Give the data again in full, exactly as written below.

START Data section

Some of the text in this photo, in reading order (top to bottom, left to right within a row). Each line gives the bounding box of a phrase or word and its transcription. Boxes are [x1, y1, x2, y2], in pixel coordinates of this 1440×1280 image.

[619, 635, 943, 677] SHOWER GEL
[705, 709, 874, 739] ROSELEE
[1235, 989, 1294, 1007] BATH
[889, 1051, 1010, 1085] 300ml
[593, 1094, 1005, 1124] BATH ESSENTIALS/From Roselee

END Data section

## Written answer
Some of the text in this photo, in reading order (top to bottom, left to right within a row). Each line gives the bounding box of a phrase or word and its transcription. Boxes are [x1, y1, x2, y2], in pixel coordinates of this 1440×1280 image.

[619, 635, 943, 677] SHOWER GEL
[705, 709, 874, 739] ROSELEE
[1235, 989, 1294, 1007] BATH
[889, 1051, 1010, 1085] 300ml
[593, 1094, 1005, 1124] BATH ESSENTIALS/From Roselee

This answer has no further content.